[Dataset entries]
------------

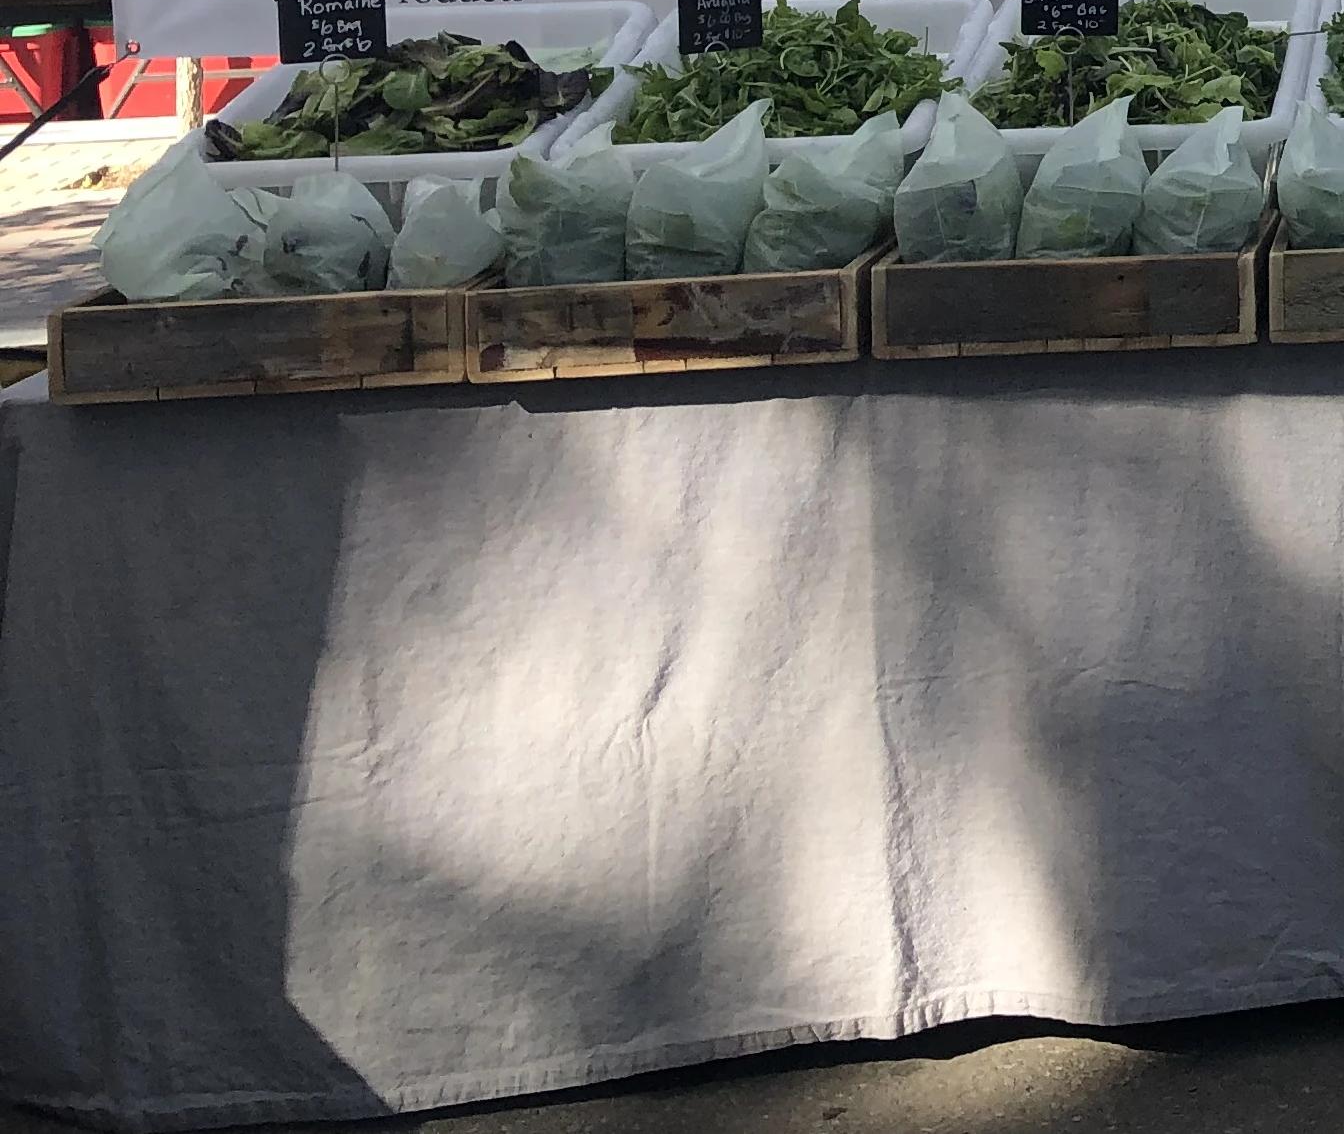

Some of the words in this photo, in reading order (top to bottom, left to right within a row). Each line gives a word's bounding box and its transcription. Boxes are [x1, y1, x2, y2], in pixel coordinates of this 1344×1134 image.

[1077, 2, 1108, 16] BAG
[1037, 20, 1047, 30] 2
[694, 32, 702, 46] 2
[303, 41, 316, 58] 2
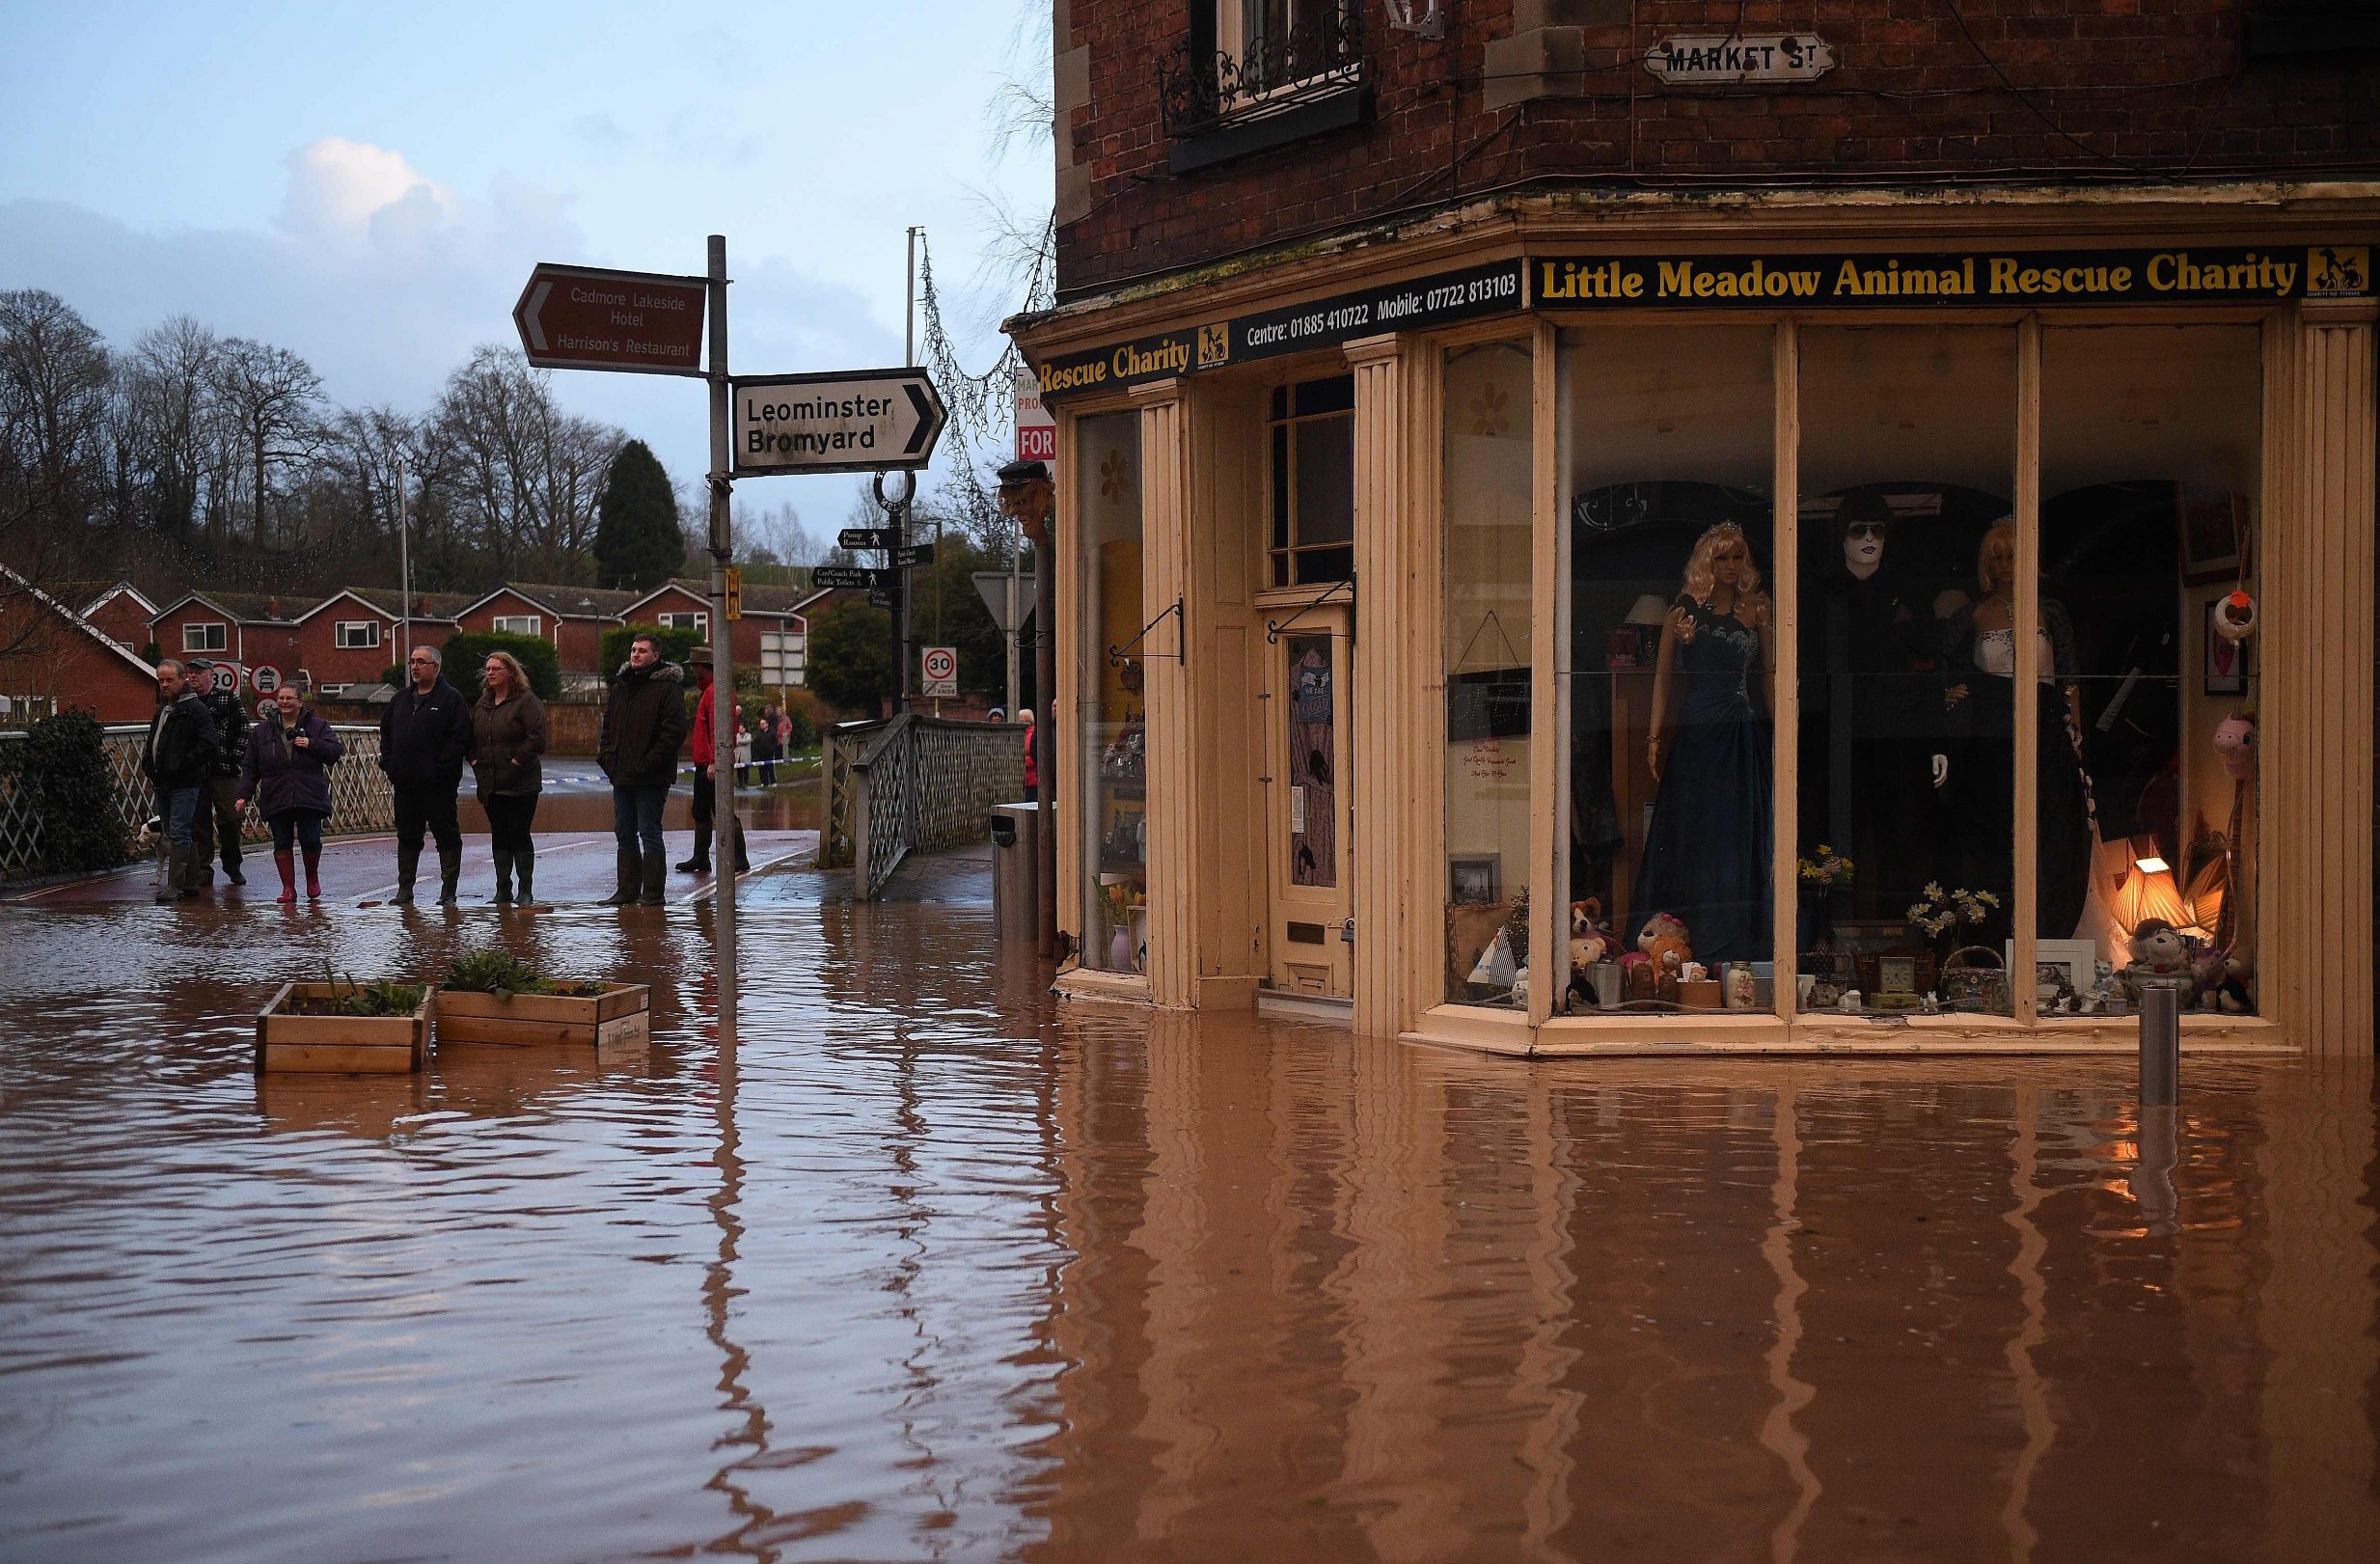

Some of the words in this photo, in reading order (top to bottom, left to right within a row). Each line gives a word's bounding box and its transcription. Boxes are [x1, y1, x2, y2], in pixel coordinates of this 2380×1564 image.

------------

(TASK ITEM):
Could you return each entry word for word, with the images omitted?

(FINISHED EXERCISE):
Some of the words in this photo, in reading order (top to bottom, left to right within a row). Each line gives a word's bounding box and its transcription. Boxes are [x1, y1, x2, y2], in pixel coordinates of this 1344×1134 image.

[1077, 2, 1108, 16] BAG
[1037, 20, 1047, 30] 2
[694, 32, 702, 46] 2
[303, 41, 316, 58] 2

Some of the words in this photo, in reading order (top to bottom, left to right within a row). Each line gives a word's bounding box and its transcription. Boxes are [x1, y1, x2, y2], in pixel coordinates of this 2380×1564 image.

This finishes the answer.